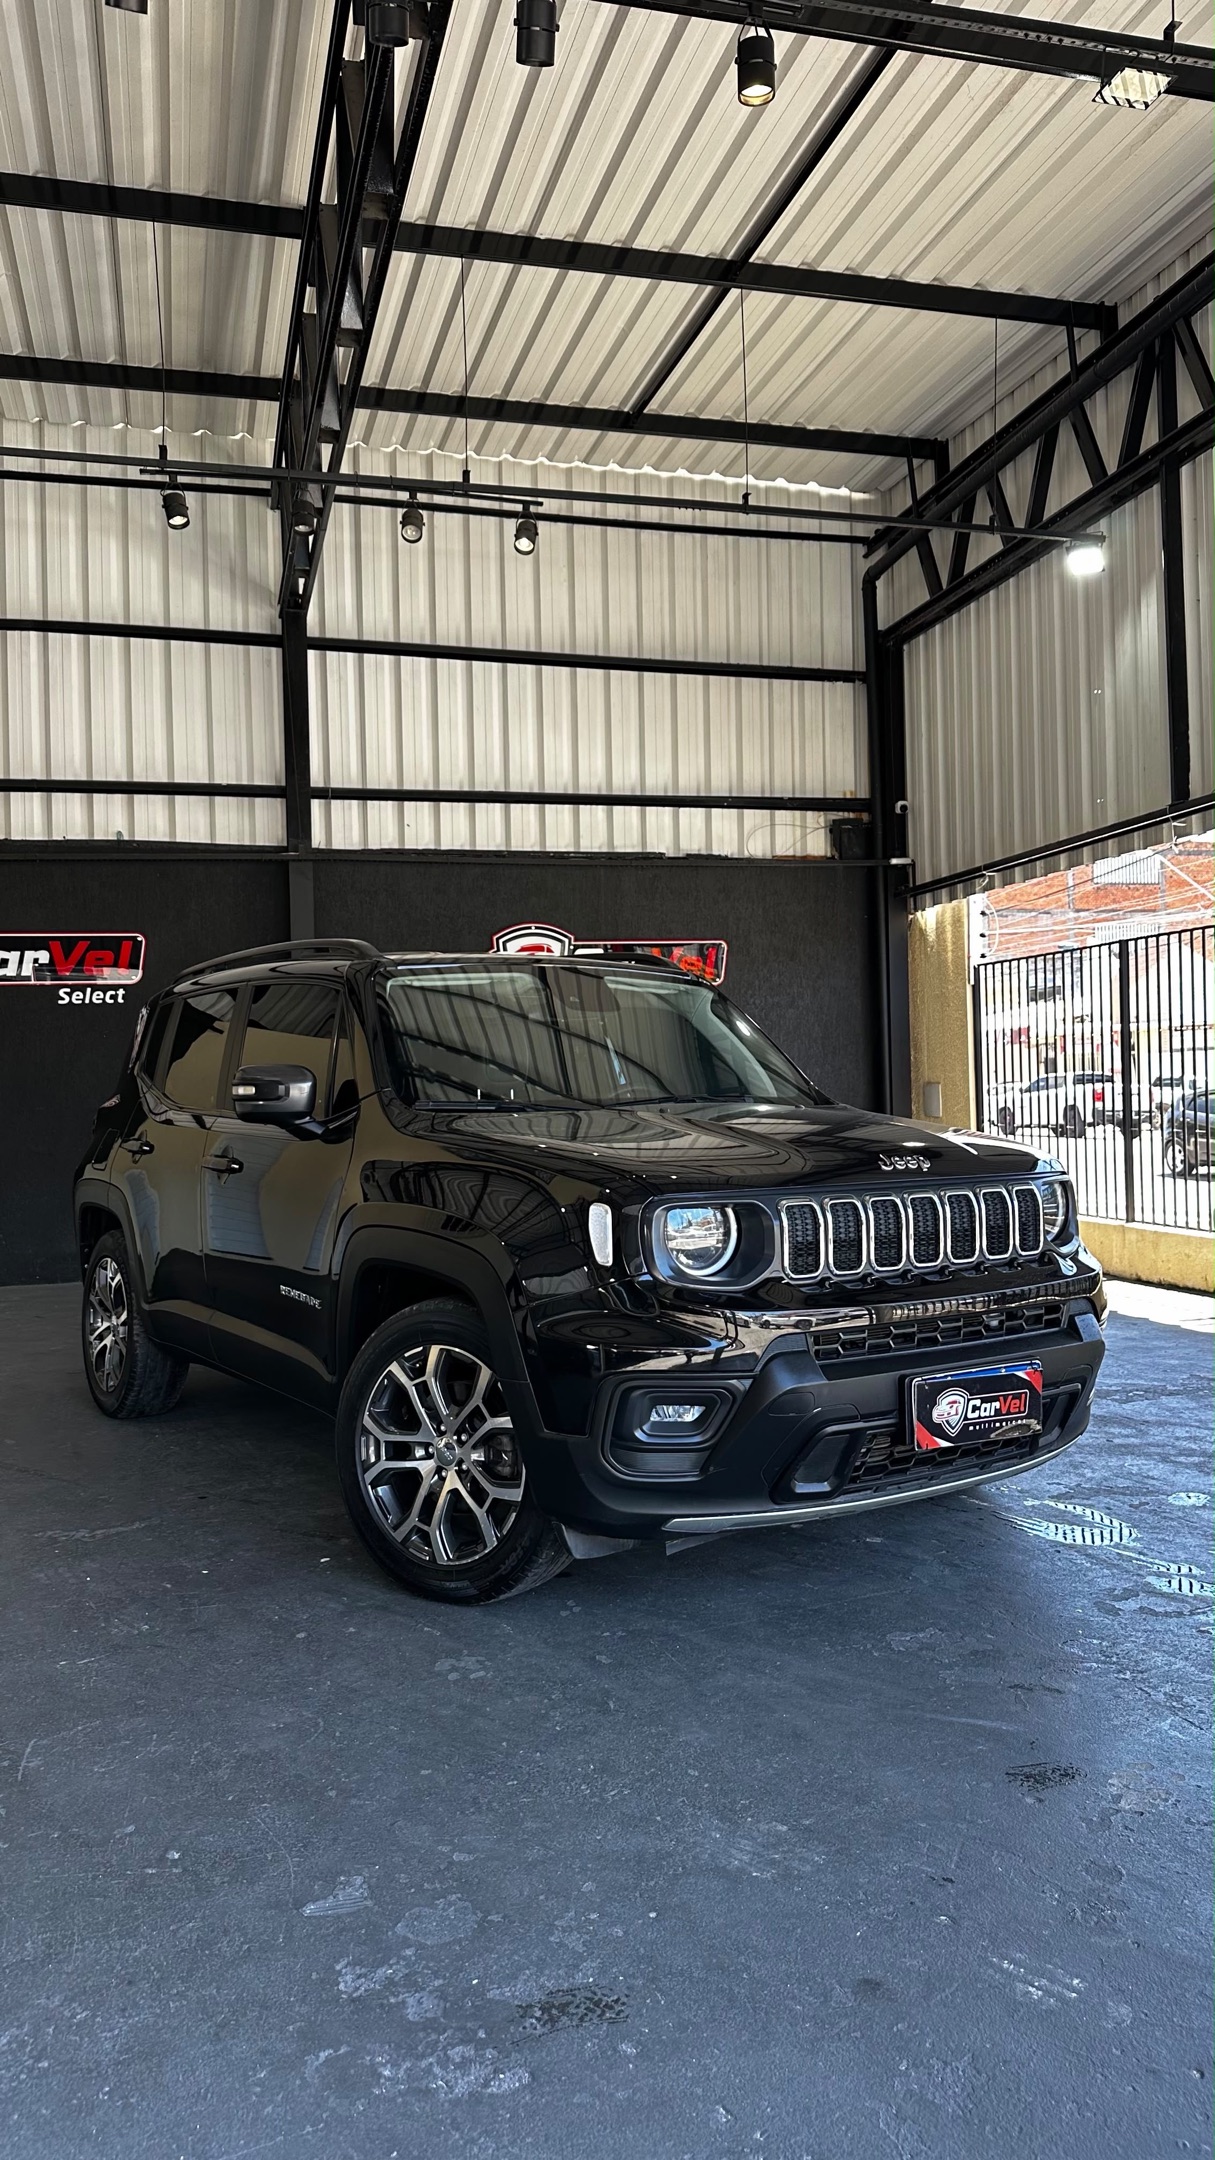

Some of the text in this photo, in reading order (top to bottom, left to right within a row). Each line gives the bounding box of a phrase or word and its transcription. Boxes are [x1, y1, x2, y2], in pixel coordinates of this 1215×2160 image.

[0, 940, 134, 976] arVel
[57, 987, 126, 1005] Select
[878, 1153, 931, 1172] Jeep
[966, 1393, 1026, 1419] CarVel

* * * * * * *

▸ **Work required**
Print the listing again exactly, please. Keep the pictures out of it.

▸ **Response to this task**
Some of the text in this photo, in reading order (top to bottom, left to right within a row). Each line gives the bounding box of a phrase or word and its transcription. Boxes are [x1, y1, x2, y2], in pixel coordinates of this 1215×2160 image.

[0, 940, 134, 976] arVel
[57, 987, 126, 1005] Select
[878, 1153, 931, 1172] Jeep
[966, 1393, 1026, 1419] CarVel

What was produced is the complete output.